Costa afirma que a covid-19 continua e Portugal não está em tempo de aventuras políticas




O secretário-geral do PS advertiu que Portugal não está em tempo de aventuras políticas, que ainda hoje mais 58 mil cidadãos foram infetados pelo SARS-CoV-2 e defendeu que desde 2016 há gestão responsável das contas públicas.

Estas mensagens foram transmitidas por António Costa no discurso com que encerrou o comício do PS que se realizou na Expocenter, em Viseu, após discursos do presidente da Federação, José Rui Cruz, e do cabeça de lista socialista por este círculo eleitoral, João Azevedo.

“É necessário dizer com toda a clareza que não estamos em tempo de aventuras, o país já sofreu muito nos últimos dois anos. O país ainda está a sofrer muito. Ainda hoje houve mais 58 mil pessoas que foram infetadas pelo vírus. Continuamos, infelizmente, a aumentar o número de pessoas que estão a falecer com covid-19”, apontou o líder socialista.

Ora, segundo o líder socialista, está situação “já é suficientemente dura”, com “uma crise económica e social que é preciso ultrapassar e uma crise política que agora também é preciso resolver”.

“Não somemos a isto tudo aventuras como a direita nos vem propor quando pretende desmantelar o nosso sistema de Segurança Social público – um sistema que temos vindo a reforçar, que tem garantido as pensões, os subsídios de desemprego, o lay-off e o apoio às famílias que tiveram de ficar em causa. Um sistema que combate diariamente a pobreza”, declarou.

António Costa afirmou depois que a mensagem da “direita do Segurança Social é que se quer meter na aventura de um sistema misto, onde parte do dinheiro é garantido pelo Estado, mas a outra parte do dinheiro passa a ser jogado no mercado e sujeito às vicissitudes do mercado”, completou, recebendo palmas dos militantes socialistas.
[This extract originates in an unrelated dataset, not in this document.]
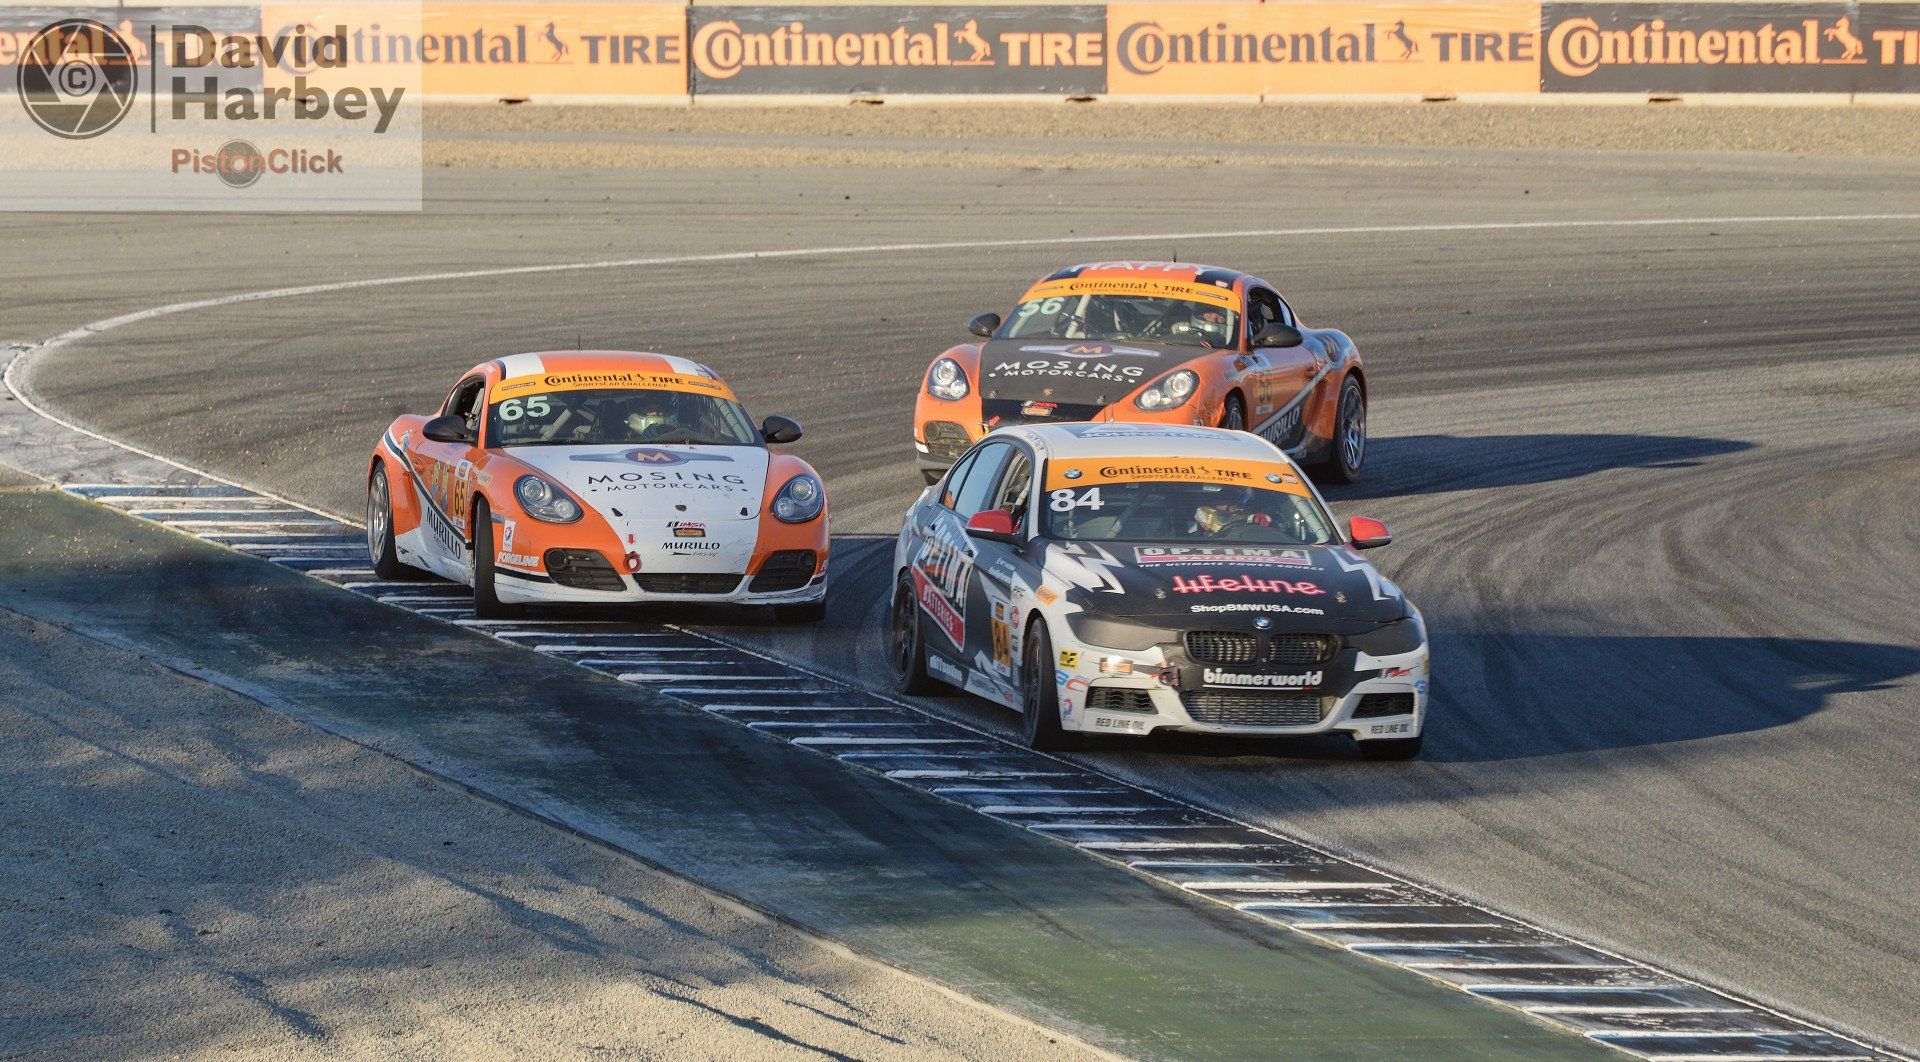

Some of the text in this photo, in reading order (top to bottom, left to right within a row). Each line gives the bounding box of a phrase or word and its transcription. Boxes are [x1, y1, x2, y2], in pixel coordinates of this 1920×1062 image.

Já o secretário-geral do PS falava há mais de 20 minutos quando o sistema de som falhou e ouviu-se na sala um ruído que pareceu um estrondo.
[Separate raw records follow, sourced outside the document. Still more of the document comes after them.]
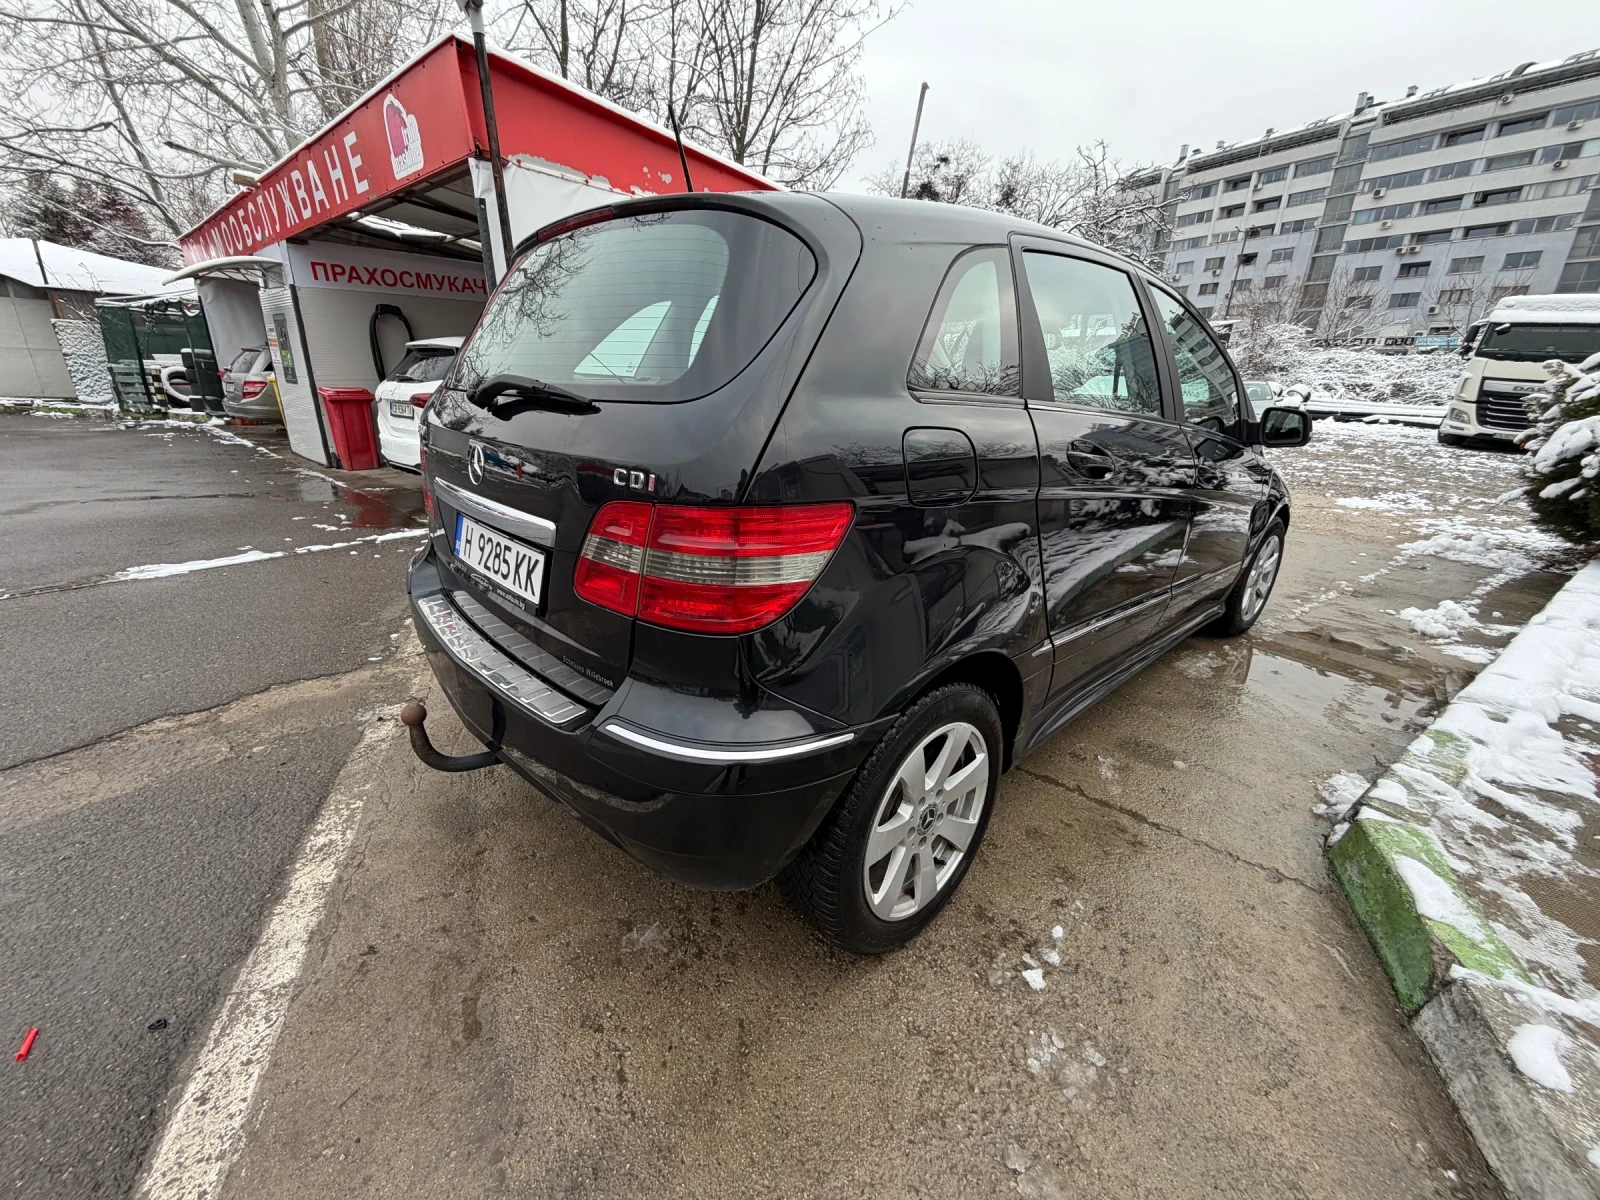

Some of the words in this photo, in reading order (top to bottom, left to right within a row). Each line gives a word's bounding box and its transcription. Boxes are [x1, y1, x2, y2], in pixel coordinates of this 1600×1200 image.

[310, 261, 488, 295] ПРАХОСМУКАЧ
[613, 468, 656, 492] CDI
[463, 524, 474, 560] H
[477, 532, 513, 581] 9285
[513, 550, 541, 597] KK
António Costa comentou logo a seguir: “Até os microfones se assustam com esta imagem do Diabo”.

Antes, o secretário-geral do PS tinha falado sobre alguns dos resultados económicos e sociais alcançados desde 2016, dizendo que só foram possíveis porque o seu Governo “soube gerir as contas públicas com muita seriedade e responsabilidade, sem aventuras”.

“Não tivemos só um excedente orçamental em 2019. Com a política que seguimos conseguimos aumentar e reforçar a sustentabilidade da Segurança Social. Hoje, com todos os desafios demográficos que se enfrentam, há a garantia de uma Segurança Social sustentável por mais 22 anos”, declarou.

Segundo o líder socialista, importa pois “continuar as políticas económicas que têm permitido criar mais emprego, trabalho mais bem remunerado e assim aumentar a receita da Segurança Social, o que possibilita aumentar a sustentabilidade do sistema”.

Mas nem sempre foi assim, na perspetiva de António Costa.

“O que enfraqueceu a Segurança Social foram as políticas do último Governo PSD/CDS que, apesar dos cortes das pensões, com o brutal desemprego então criado e com o corte dos vencimentos que provocaram, as receitas foram baixando e a sustentabilidade do sistema ficou ameaçada”.

Ora, acrescentou o secretário-geral do PS, “é a essa passado que o país não pode regressar”.

Nas últimas eleições legislativas, no círculo de Viseu, o PS teve menos dois mil votos (35,3%) do que o PSD (36,24%). Em relação aos oito mandatos em disputa, o PS empatou a quatro com os sociais-democratas.

Nas últimas eleições autárquicas, o PS conquistou dez dos 24 municípios e apoiou a lista vencedora independente em São João da Pesqueira.